A Quiet Letter: November 2024
The State of the Maple, the state of the novel, a short story, and two good books
Hello, friends and kindred spirits!
When we moved to our house ten years ago, a small but elegant Japanese maple stood near the driveway. We named her Maura. Now she is twenty feet tall and at least as wide and is visible from every window in the front of the house. Stately and magnificent she stands sentinel before our front door. And never is she so magnificent as in the last week of October when all her leaves turn scarlet.
Every year, I look forward to this week of autumn glory when Maura shines like rubies in the sun. Every year, I am astonished by how much more beautiful Maura is than I remember, how no picture I’ve ever taken can do justice to the glory and the beauty of her shimmering scarlet cloak. And every year, I think of Lanier Ivester’s line about “molten maple gladness”—I’m never sure if the gladness is mine or Maura’s. Probably both. The trees clap their hands, after all.
Maura is a bit of mirror or gemstone, reflecting the goodness and glory of her Creator. In the words of Ruth Pitter’s poem, she “shines, listening to the soul, / And the soul replies.”
Friends, the older I get, the more beauty sings to my soul, calling me out of myself and my small problems, beckoning me to step into the wide world of God’s goodness and grace. When I see Maura shine in the sun like a thousand glimmering garnets, my soul replies, Yes. Yes and amen. Yes and hallelujah. Yes and “praise to the Holiest in the heights.” Yes and yes and yes.
Novel Update
I’m still plugging away at revisions. Most of the new scenes are drafted, so now I’m doing the fun part: making those drafts pretty.
Drafting is my least favorite part of writing. Whenever I draft a new scene, I realize anew what a truly terrible writer I am. That doesn’t discourage me nearly as much as it used to. Over the decades I’ve been doing this work, I’ve learned that I’m really good at taking garbage and turning it into gold. Like alchemy, only cooler. :)

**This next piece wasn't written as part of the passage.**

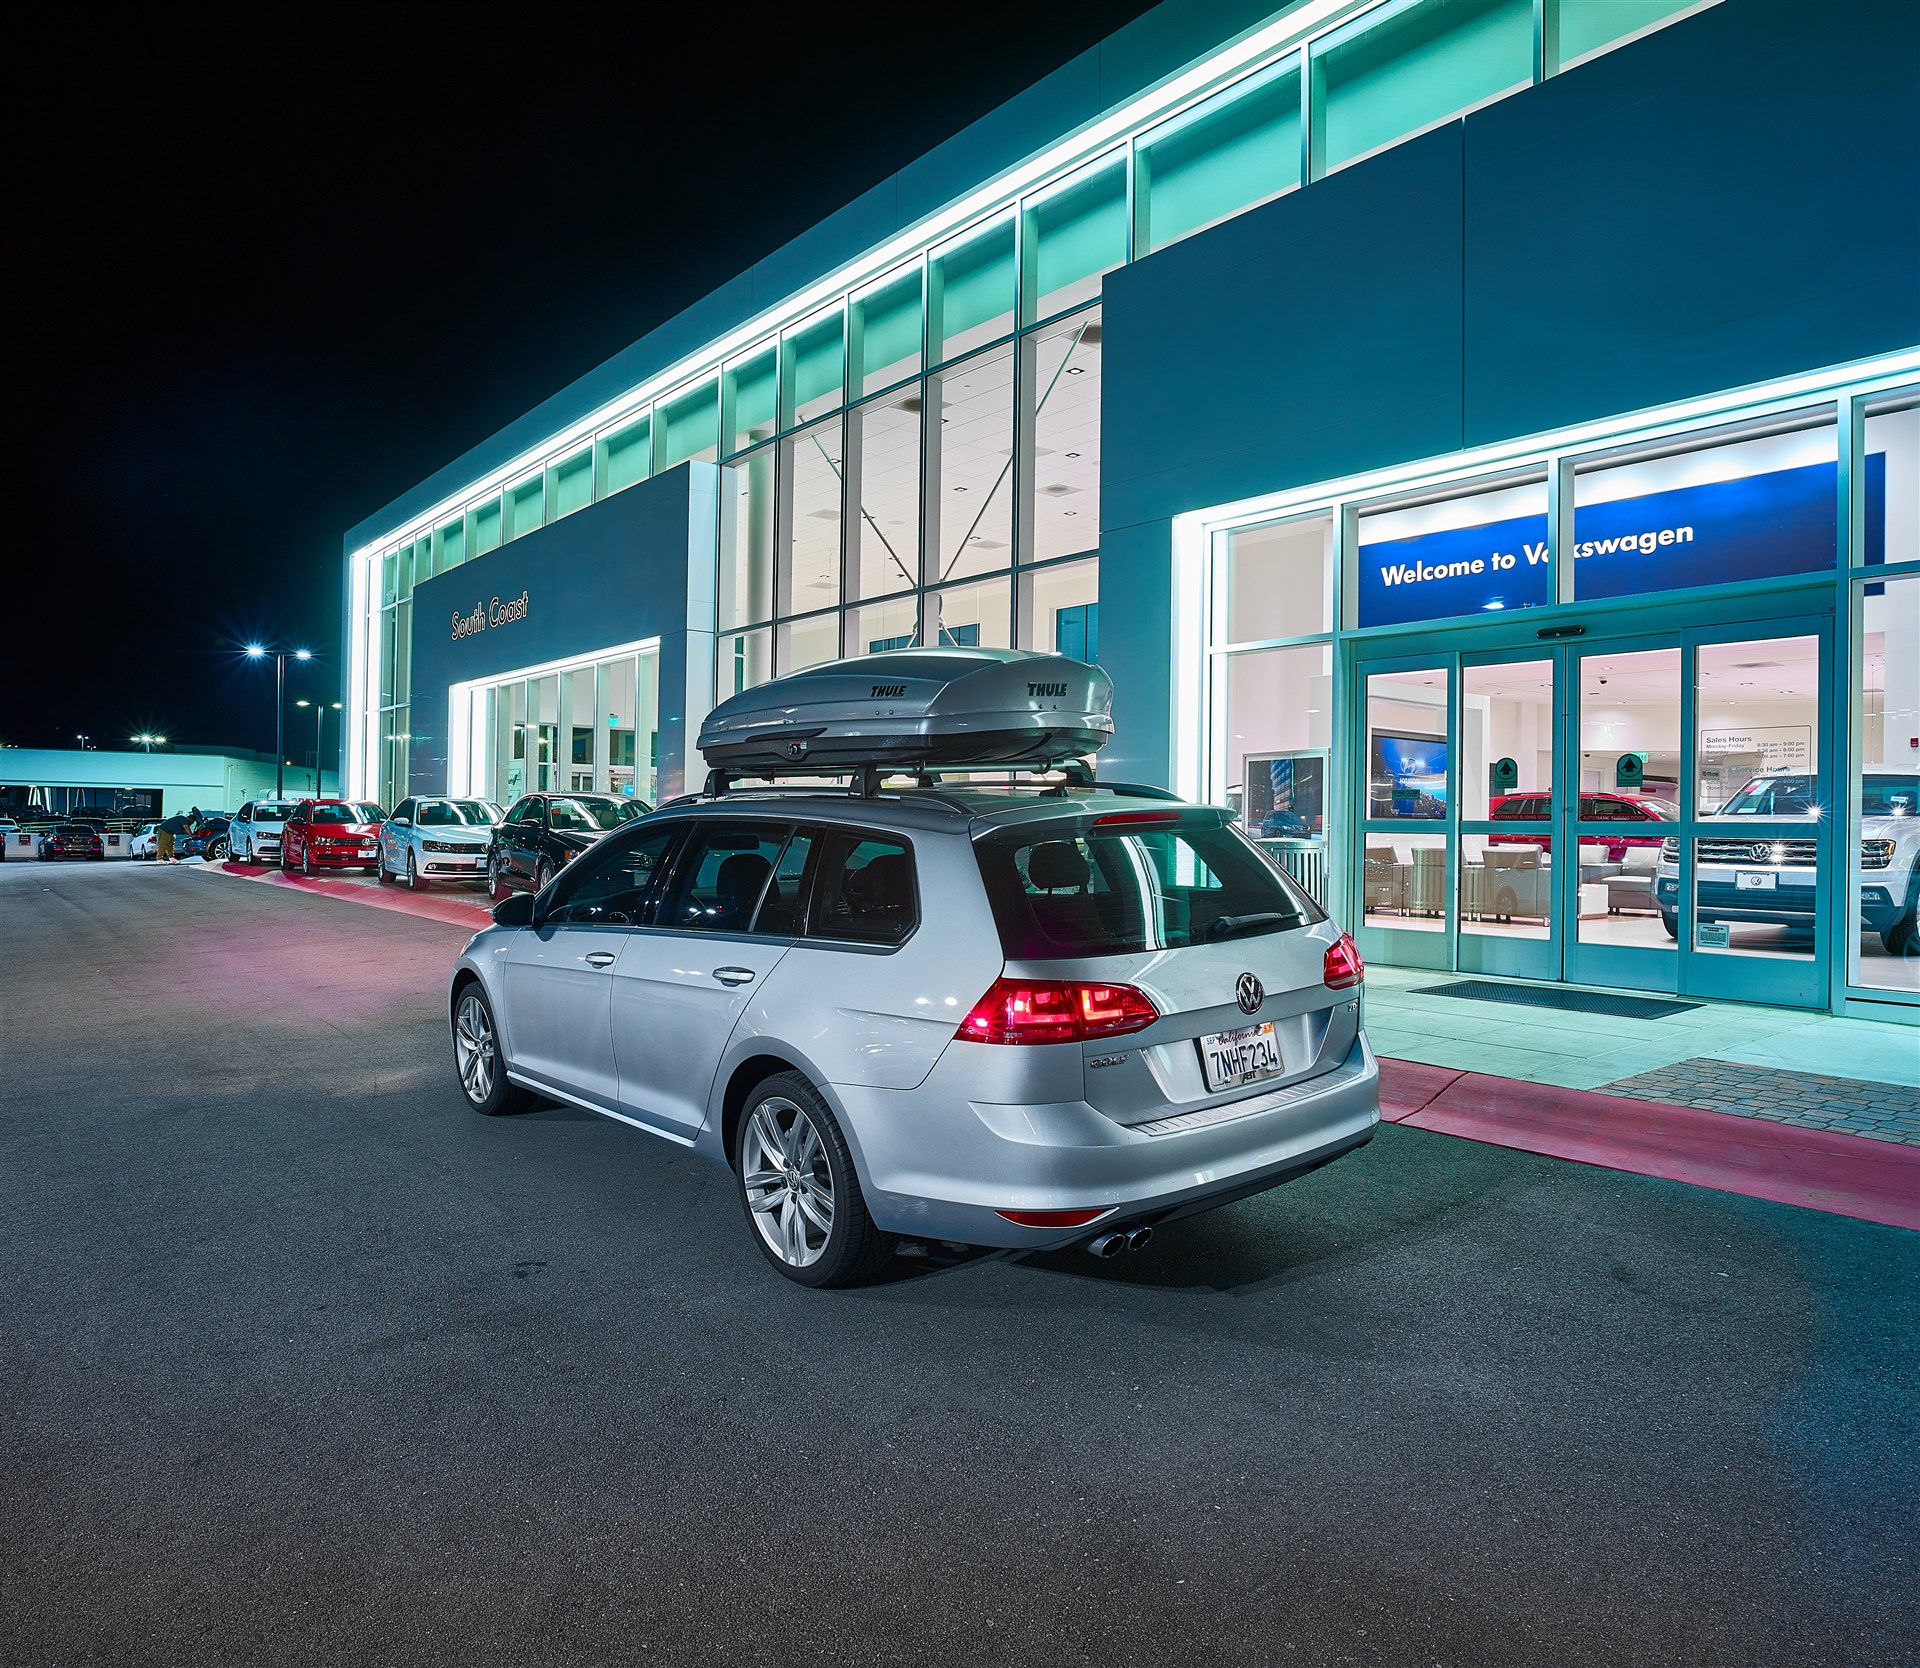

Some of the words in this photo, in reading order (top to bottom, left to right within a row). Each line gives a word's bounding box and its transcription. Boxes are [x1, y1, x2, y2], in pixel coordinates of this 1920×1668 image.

This is truly my favorite part of the writing process, this taking of a painful draft and crafting it into delightful prose. It doesn’t happen all at once. It’s more like an accordion—I expand and cut, expand and cut, expand and cut, until I’m quibbling over prepositions. Then I know I need to move on. (Not that I necessarily do. I’ve been known to spend half an hour polishing a single sentence that eventually ends up on the cutting room floor. Ouch. But I sure had fun polishing!)
For those of you who haven’t yet had a chance to read last month’s story, “Memory Work” features the heroine of my novel when she was nine years old. It also introduces her grandmother, Eleanor, whom I hope you’ll love as much as I do.
October in Books
Pride and Prejudice by Jane Austen
Y’all, I had to. This is one of my all-time favorite books, and I’ve read it a dozen times at least, but I can always tell when it’s time to read it again—something nudges me, and I just know. Besides, I’m writing a romcom, so of course I had to go back and read the mother of all romcoms. I’m assuming if you’re reading this newsletter that you’ve already read all of Jane Austen’s novels. But if you have somehow managed to make it this far in life and you haven’t read Pride and Prejudice, oh my goodness, stop reading this and go to the nearest bookstore and get your hands on a copy. It’s delicious and delightful and no movie version ever made (not even the 1995 BBC production) can capture the saucy sparkle of Elizabeth Bennet or the nobility of Mr Darcy, much less the wonder of their respective transformations. Love love love love.
I Cheerfully Refuse by Leif Enger
I’m not usually one for dystopian novels, but the title intrigued me, and I loved Enger’s first novel, Peace Like a River. So I picked this one up, and oh, am I glad I did. It’s the story of the narrator’s quest, along the shores and among the islands of Lake Superior, to be reunited with his wife. Enger’s prose somehow manages to be both spare and evocative, his narrator is loveable and larger than life, and Lake Superior, with is changeful waters, becomes almost a character in its own right (and I am a sucker for novels in which the setting is a character). With echoes of The Odyssey and the myth of Orpheus, Enger’s novel intrigued me from the very first page.
Friends, wherever you find yourself this November day, I pray that you may have eyes to see the beauties that mark your path. May those beauties arrest your attention and draw your gaze back to the One who is beauty itself, who shines in all things and through all things. And may your soul reply yes and amen.